The SEC Marketing Rule & Client Testimonials: What Advisors Should Know
By: Carolyn Dalle-Molle with special guest, Akshay Singh, CPWA®, President & CEO of Indyfin
Ever since the Securities and Exchange Commission (SEC) passed its new Marketing Rule last December, there has been a lot of discussion in our industry around how financial advisors should solicit and incorporate online testimonials, endorsements and ratings into their digital marketing efforts.
In so many other industries, ratings, reviews and online testimonials have long reigned supreme in elevating a brand’s reputation and establishing social proof. The SEC rule now offers advisors those same opportunities, supplementing their digital advertising and marketing investments with further online validation from clients, COIs, and third parties on their value proposition.
Consider this: According to a 2018 study, 95% of consumers read online reviews before making a decision to engage with them, and 88% of consumers trust online reviews as much as a recommendation from a friend or a family member.
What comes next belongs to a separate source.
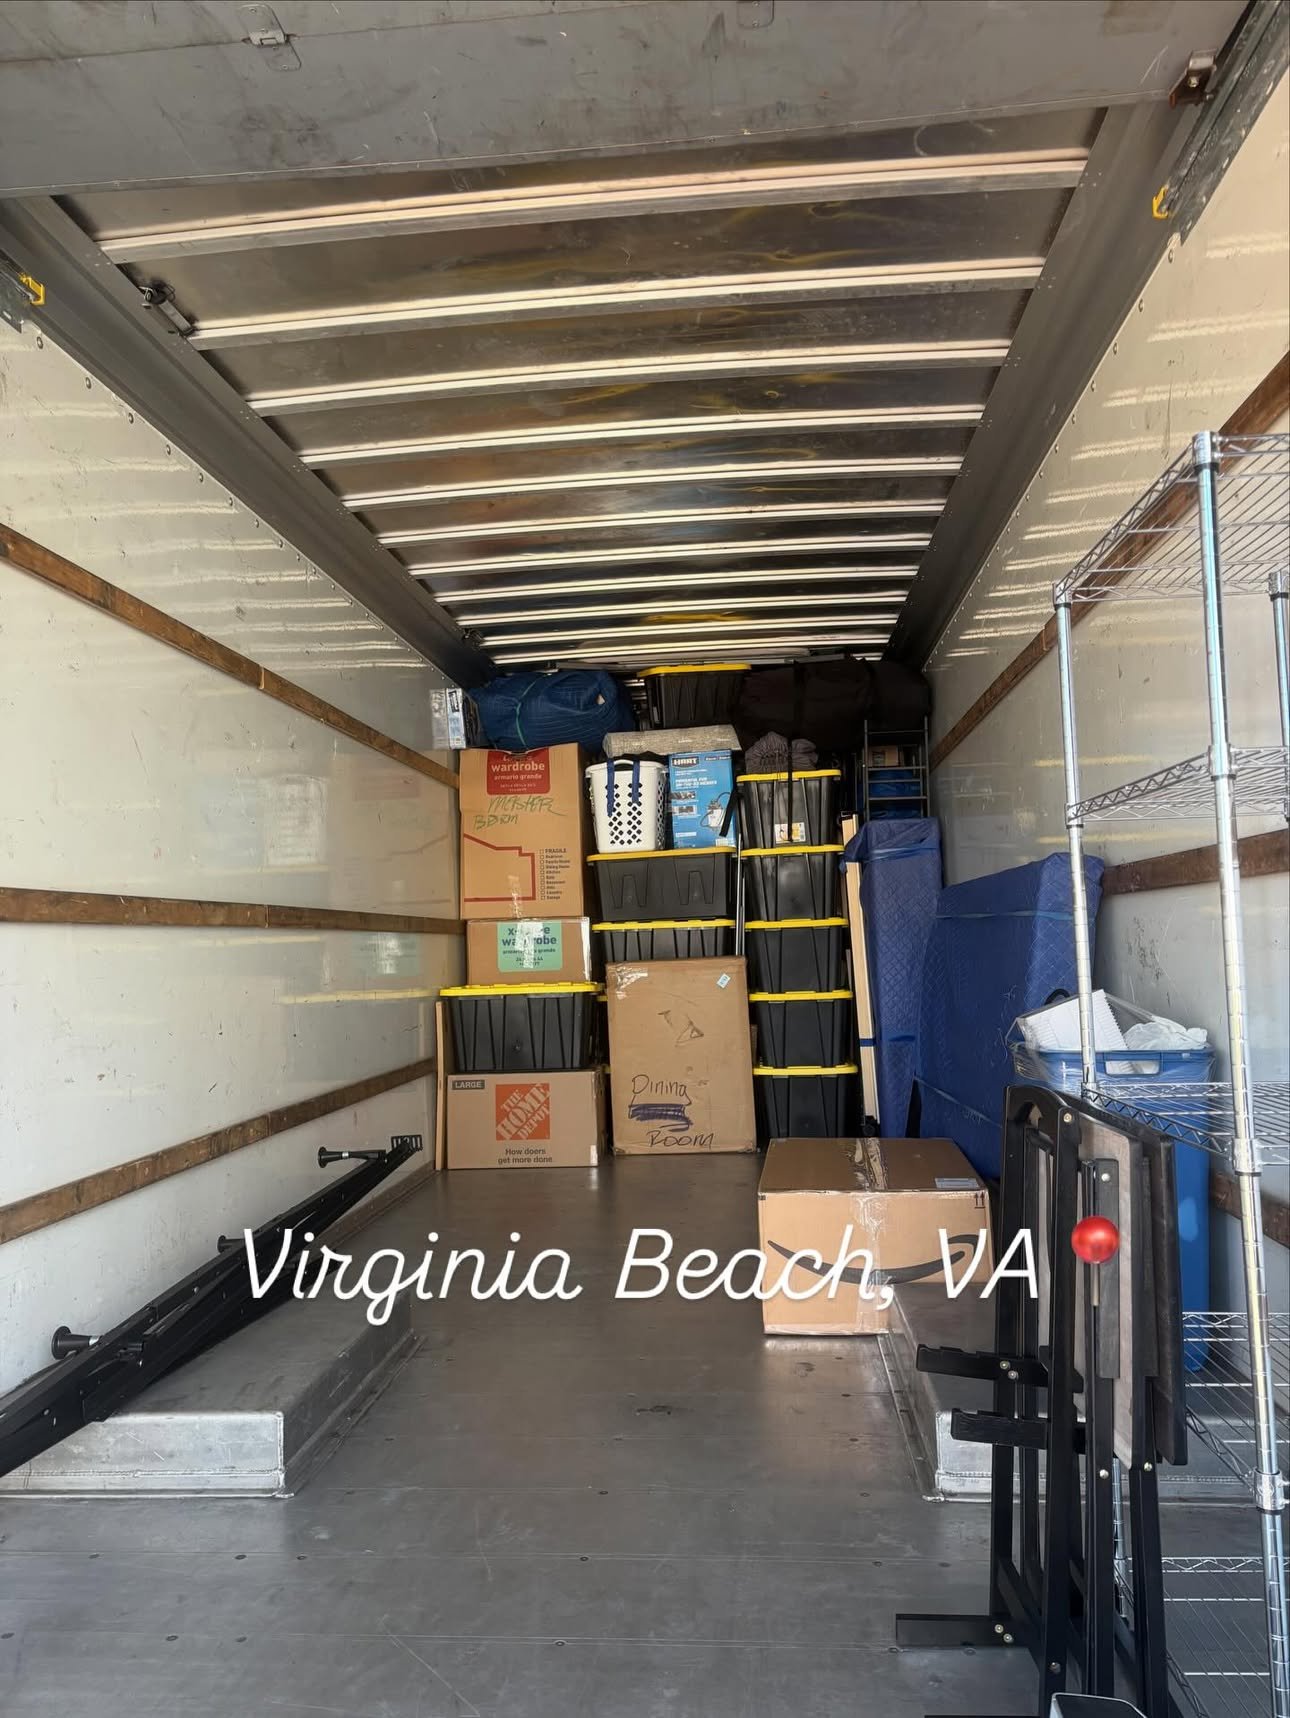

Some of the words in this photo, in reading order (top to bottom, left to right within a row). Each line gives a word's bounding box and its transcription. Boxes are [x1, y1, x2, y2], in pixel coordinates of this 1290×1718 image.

To address why and how online testimonials and endorsements impact advisors, we partnered with Akshay Singh, the President and CEO of Indyfin, an online search platform he describes as the “Yelp for RIAs,” for his thoughts.
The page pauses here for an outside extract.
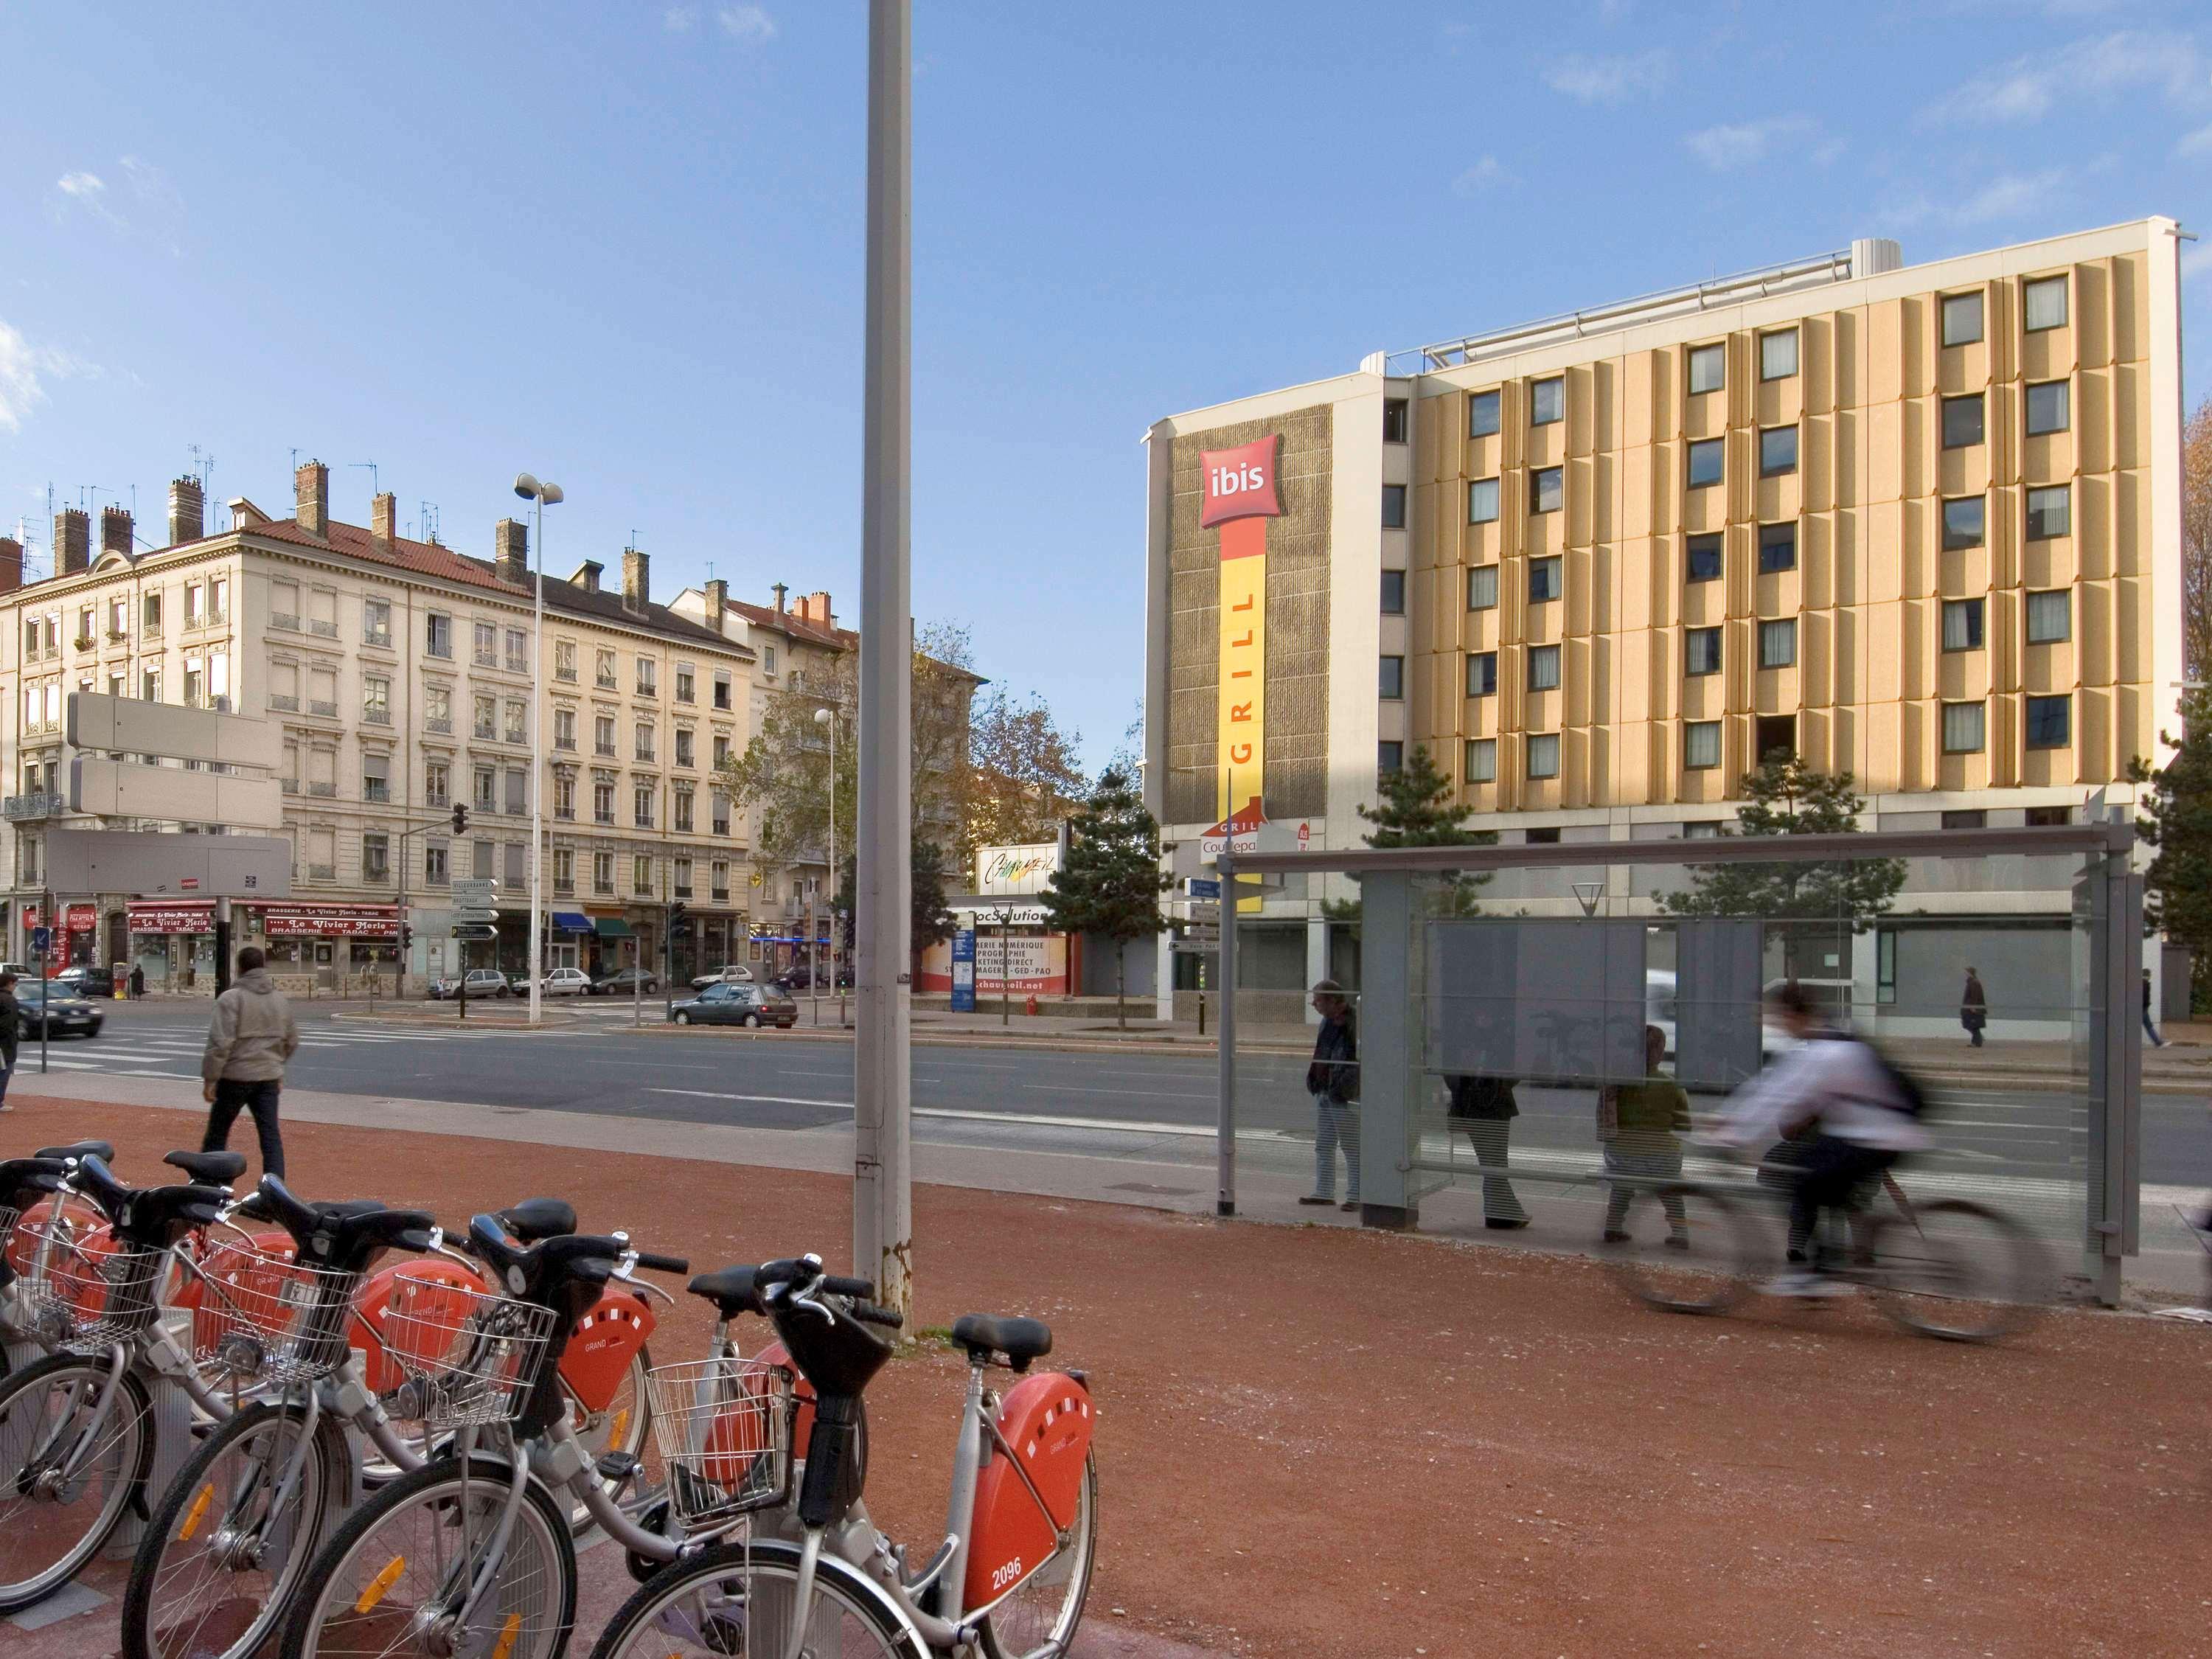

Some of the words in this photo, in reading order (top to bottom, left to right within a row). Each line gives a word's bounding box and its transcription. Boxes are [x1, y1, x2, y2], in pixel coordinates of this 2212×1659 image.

“Testimonials are a powerful, ‘trust-building’ tool that has become a necessary and incredibly convenient way for prospective clients to do their due diligence on your business,” Akshay shares. “Think about it – if you get a referral from a friend on a great new restaurant, what is the very first thing you do? You do a Google search and read reviews, look at photos, and start to consider if this restaurant is right for you. Online testimonials help validate the referral.”
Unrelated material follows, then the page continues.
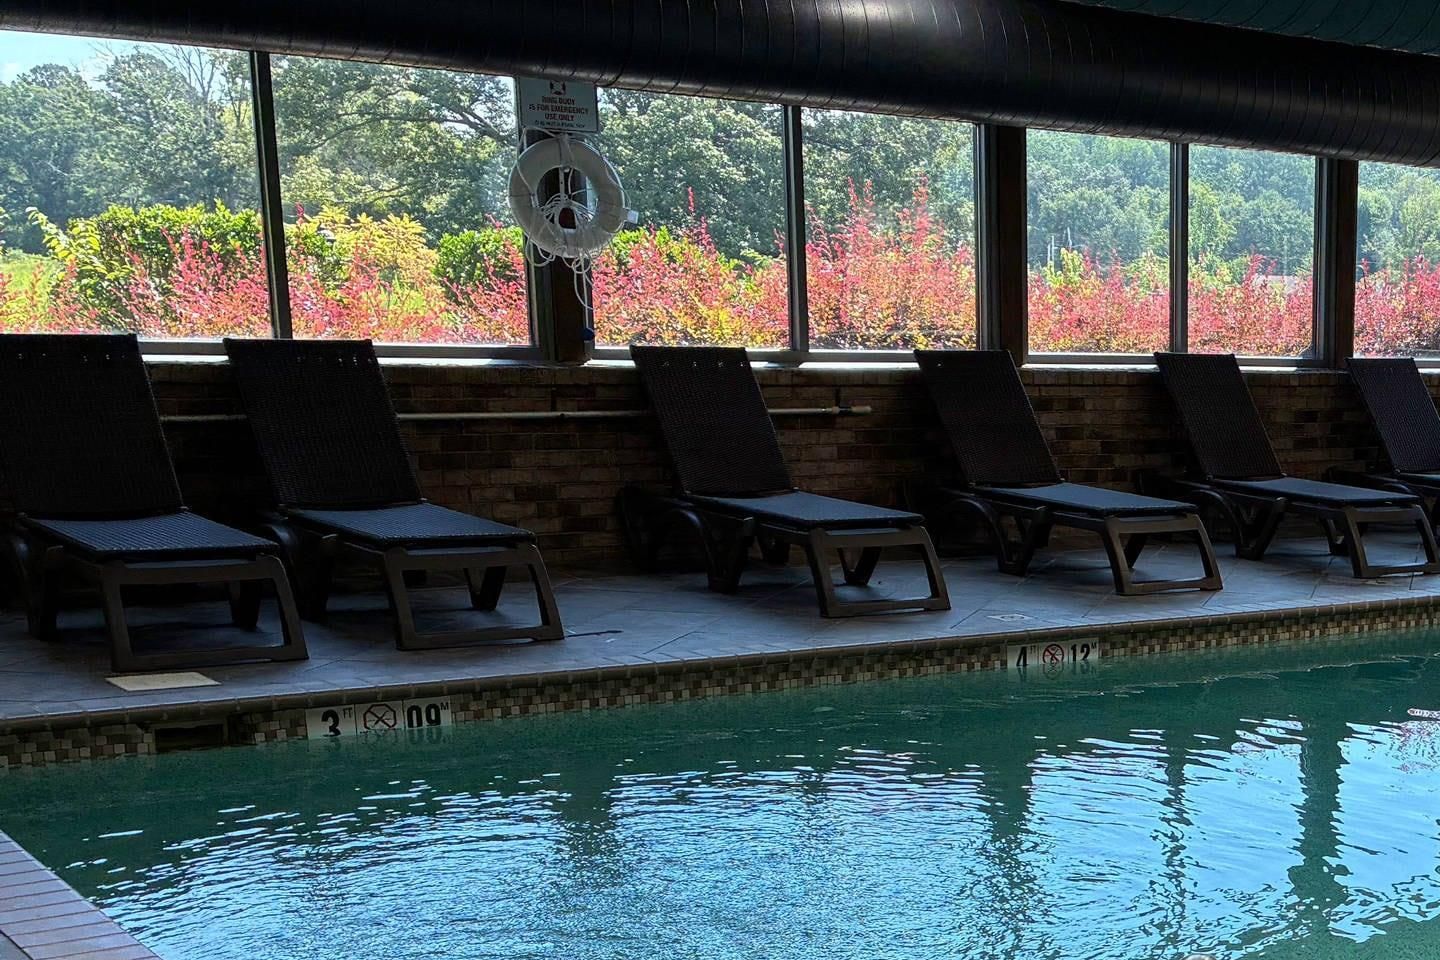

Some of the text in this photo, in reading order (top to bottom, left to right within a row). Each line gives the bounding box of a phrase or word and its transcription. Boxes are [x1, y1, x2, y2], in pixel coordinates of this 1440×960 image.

The first step in considering online testimonials, endorsements and ratings for your business is understanding what the SEC Marketing Rule includes. Here’s a quick recap:
- Advertisements. This is a big one. Advertisements refer to any communications sent to more than one person where you are soliciting your services.
- Online Testimonials, Endorsements and Third-Party Ratings – this is a very specific type of advertising under the SEC rule:
- Testimonials are statements that your current clients have made about your practice.
- Endorsements are statements made by individuals who are not your clients (third-parties, non-clients, COIs, etc.).
- Third-Party Ratings are rankings or ratings by people or organizations that are not related to your business (Think Google reviews, “top advisor” rankings, and the Better Business Bureau).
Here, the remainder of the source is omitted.